Fortes explosões e intensos tiroteios eram ouvidos no interior do shopping Westgate de Nairóbi. Uma grande coluna de fumaça preta saía do edifício, cercado por soldados e pelas forças de segurança quenianas. Várias ambulâncias se dirigiam ao centro comercial, segundo um jornalista da AFP.

Até o momento o balanço é de 62 mortos, segundo a Cruz Vermelha queniana, que revisou seus números, que durante a manhã registravam 69 mortes e 63 desaparecidos.

Por sua vez, o comandante do exercito do Quênia, Julius Karangi, afirmou que os membros do grupo que atacaram o centro comercial "vêm de diferentes países", falando, por isso, de "terrorismo mundial".

No entanto, um suposto comandante do grupo islamita somali Al-Shebab, vinculado à Al-Qaeda, negou nesta segunda-feira 23 à BBC que existam ocidentais ou mulheres entre os membros do comando.
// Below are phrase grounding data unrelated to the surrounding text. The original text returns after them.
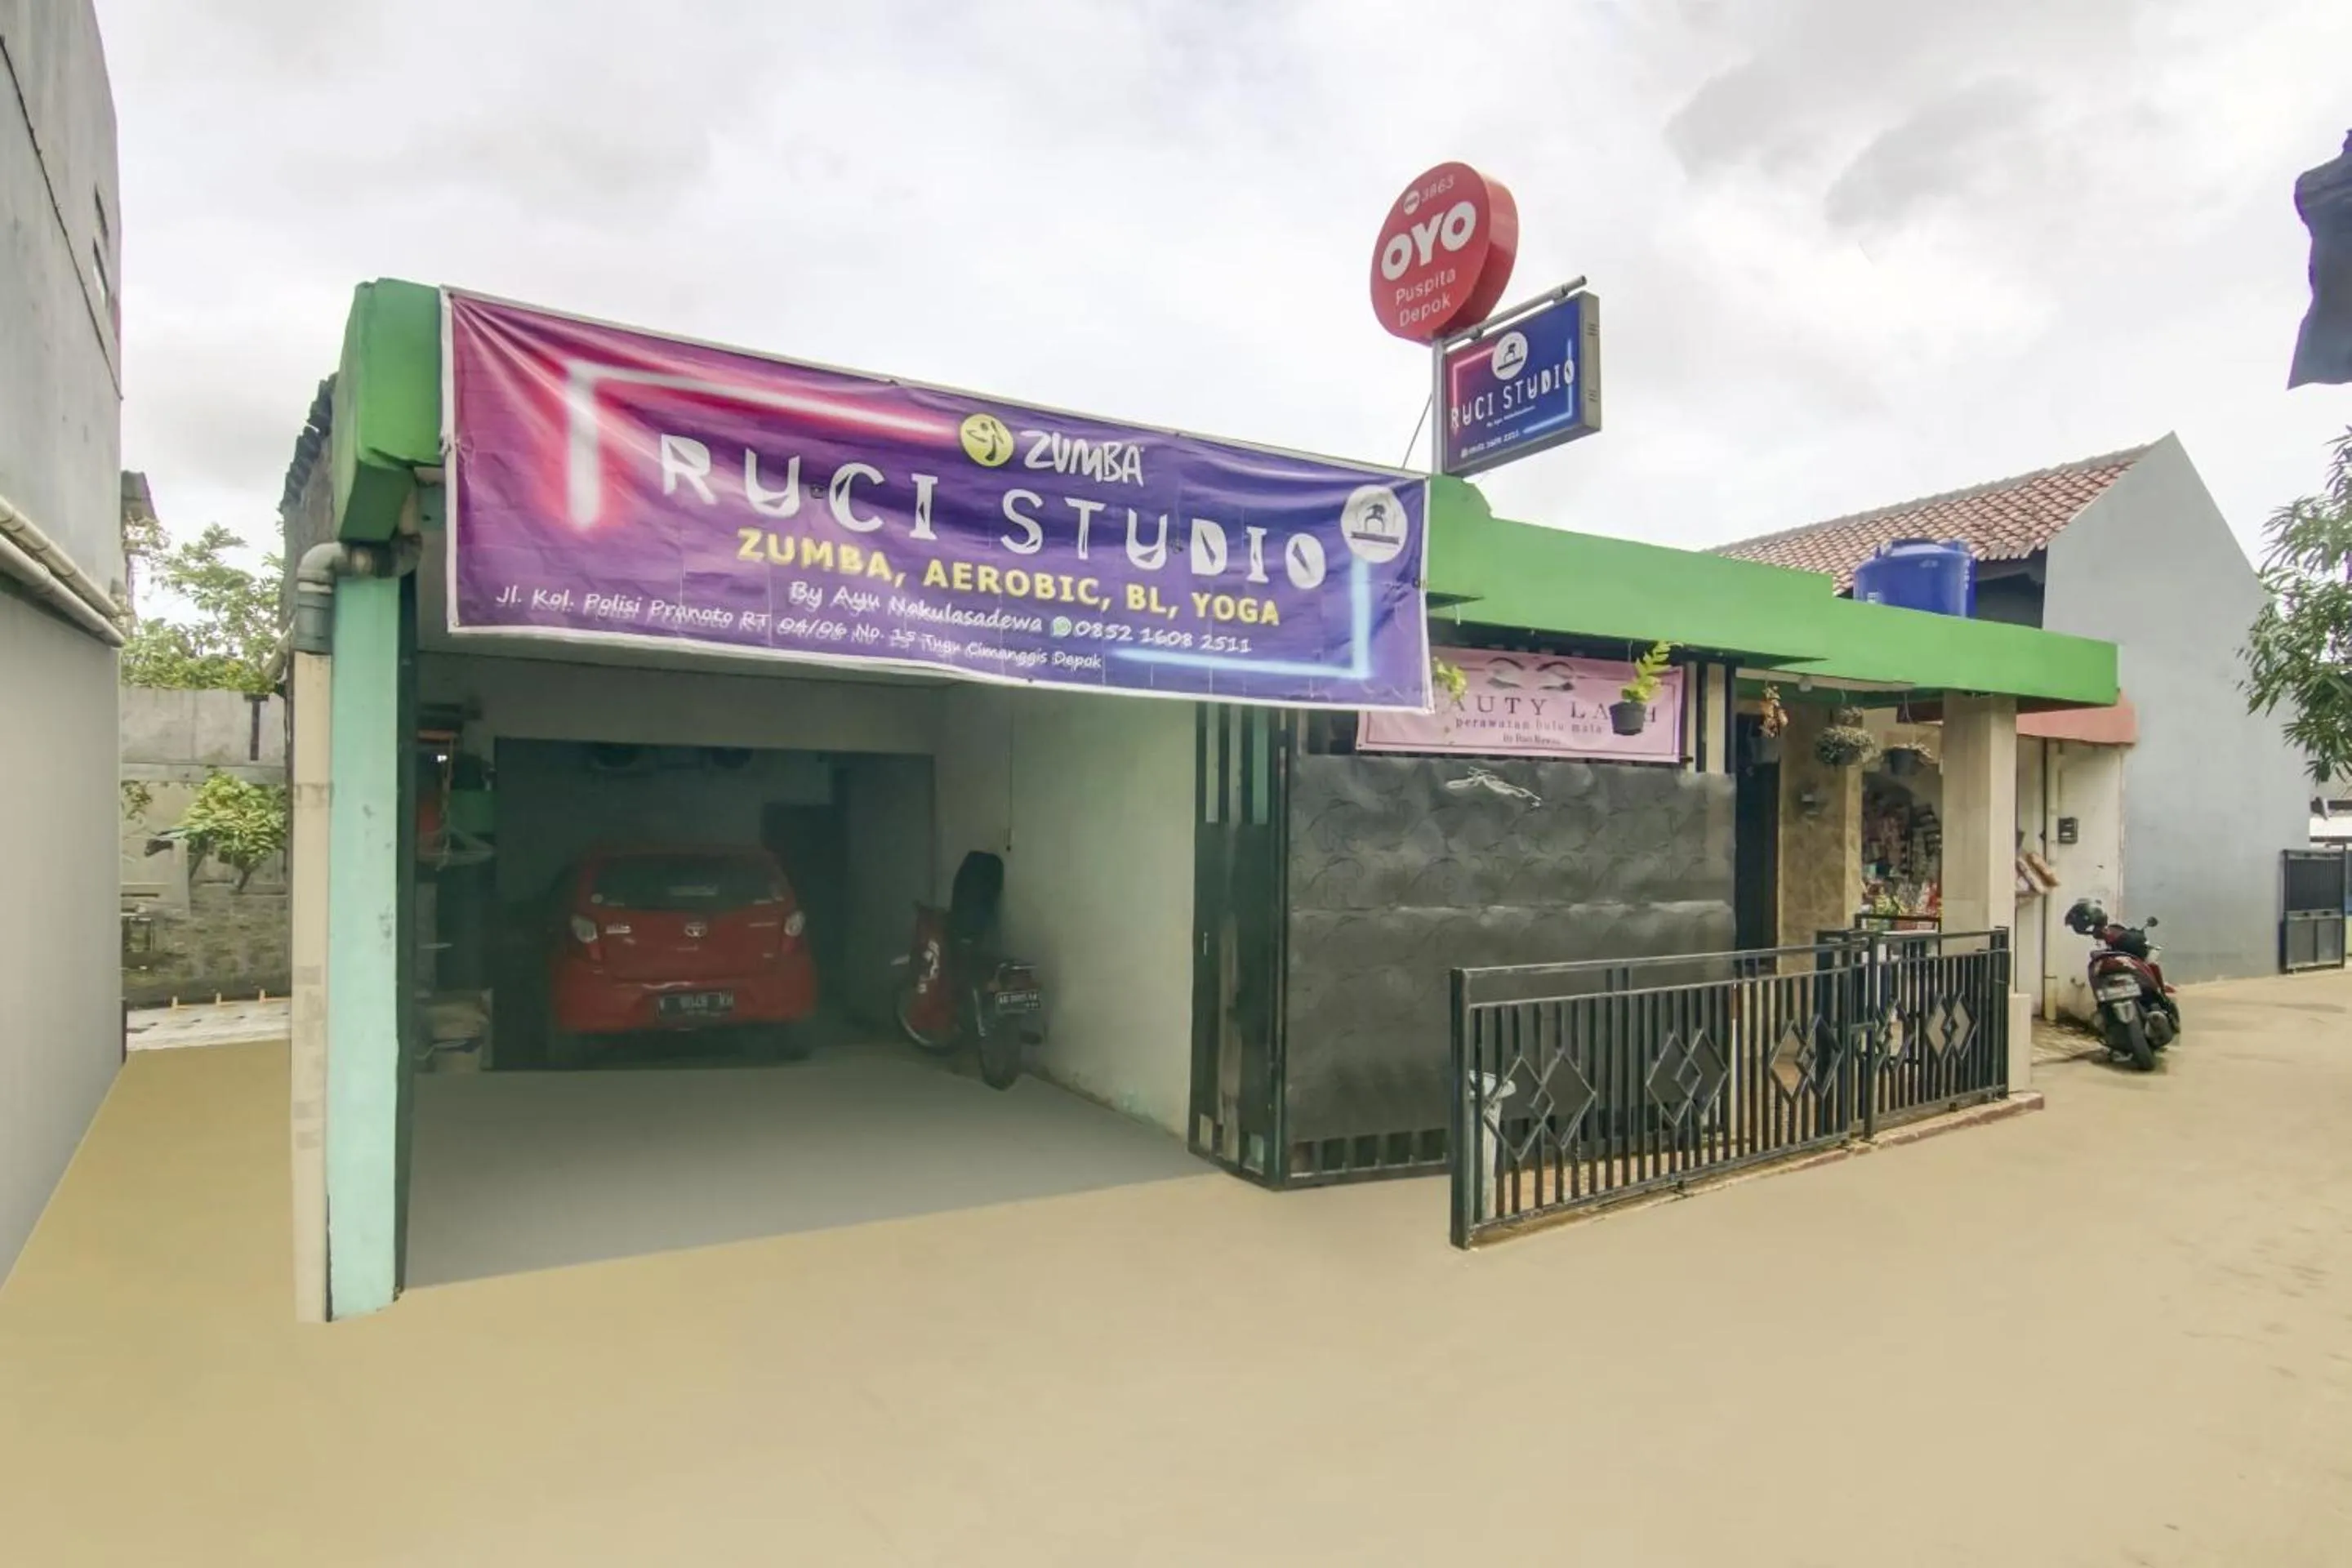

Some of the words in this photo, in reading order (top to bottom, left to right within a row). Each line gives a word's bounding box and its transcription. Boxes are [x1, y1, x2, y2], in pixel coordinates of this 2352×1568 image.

[1381, 201, 1477, 281] OYO
[1395, 269, 1456, 305] Puspita
[1399, 293, 1451, 327] Depok
[1450, 392, 1494, 429] RUCI
[1503, 359, 1575, 409] STUDIO
[1020, 430, 1144, 488] ZUMBA
[660, 434, 939, 541] RUCI
[1000, 488, 1326, 590] STUDIO
[737, 528, 906, 588] ZUMBA,
[923, 559, 1111, 612] AEROBIC,
[1125, 584, 1178, 620] BL,
[1192, 592, 1280, 626] YOGA
[496, 585, 523, 605] Jl.
[532, 589, 574, 612] Kol.
[583, 593, 644, 621] Polisi
[647, 599, 733, 629] Pranoto
[738, 611, 772, 632] RT
[777, 617, 848, 640] 04/06
[850, 622, 884, 644] No.
[965, 642, 1047, 668] Cimanggis
[789, 581, 822, 612] By
[829, 586, 880, 617] Ayu
[1075, 621, 1133, 642] 0852
[1140, 626, 1193, 648] 1608
[1198, 634, 1251, 653] 2511
[1570, 701, 1658, 724] LAH
Câmeras de vigilância gravaram o ataque

Segundo imagens captadas por câmeras de segurança, às quais o jornal queniano The Standard teve acesso, uma dúzia de criminosos invadiram o centro comercial Westgate no sábado. As imagens confirmam a versão das testemunhas de que um comando islamita, armado com granadas, rifles e pistolas, entrou no shopping por duas áreas distintas.
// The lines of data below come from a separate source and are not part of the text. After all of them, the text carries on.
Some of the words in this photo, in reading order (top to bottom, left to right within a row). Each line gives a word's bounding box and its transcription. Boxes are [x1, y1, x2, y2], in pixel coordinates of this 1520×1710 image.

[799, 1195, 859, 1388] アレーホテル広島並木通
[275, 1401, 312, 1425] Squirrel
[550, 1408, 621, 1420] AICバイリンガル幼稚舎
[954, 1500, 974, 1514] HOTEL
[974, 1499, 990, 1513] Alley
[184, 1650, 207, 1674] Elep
A maioria dos criminosos entrou pela porta principal, lançando granadas e atirando contra clientes de uma cafeteria. Outro grupo entrou na galeria comercial pelo estacionamento, disparando contra um guarda antes de se dirigir aos andares superiores, onde uma rádio local organizava uma festa. Logo depois de entrar, os islamitas lançaram duas granadas contra a multidão, mas apenas uma explodiu.

De acordo com testemunhas citadas pelo jornal, os islamitas forçaram quem estava no centro comercial a recitar ao menos o início da Shahada, uma fórmula pronunciada pelos fiéis muçulmanos. Os que eram incapazes de fazê-lo eram mortos a sangue frio.

Segundo o mesmo jornal, o grupo que invadiu o local pela entrada principal seguiu logo depois aos andares superiores do shopping.

As imagens das câmeras de vigilância também mostram os criminosos atirando contra as portas dos banheiros, depois de supostamente terem descoberto que muitas pessoas estavam refugiadas nos sanitários.

Depois, uma parte do grupo se dirigiu ao cinema do centro comercial, enquanto outra parte tomava o controle de um supermercado dentro do edifício.

Em uma declaração publicada na internet, o porta-voz dos shebab, Ali Mohamud Rage, ameaçou matar os reféns diante da pressão exercida contra eles por "Israel e outros governos cristãos". "Autorizamos os mujahedines do interior do edifício a realizar ações contra os prisioneiros", disse.

Forças especiais israelenses chegaram no domingo para apoiar as forças quenianas, indicou à AFP uma fonte que pediu o anonimato. Segundo um funcionário israelense, este seria, sobretudo, um apoio logístico, e não no combate.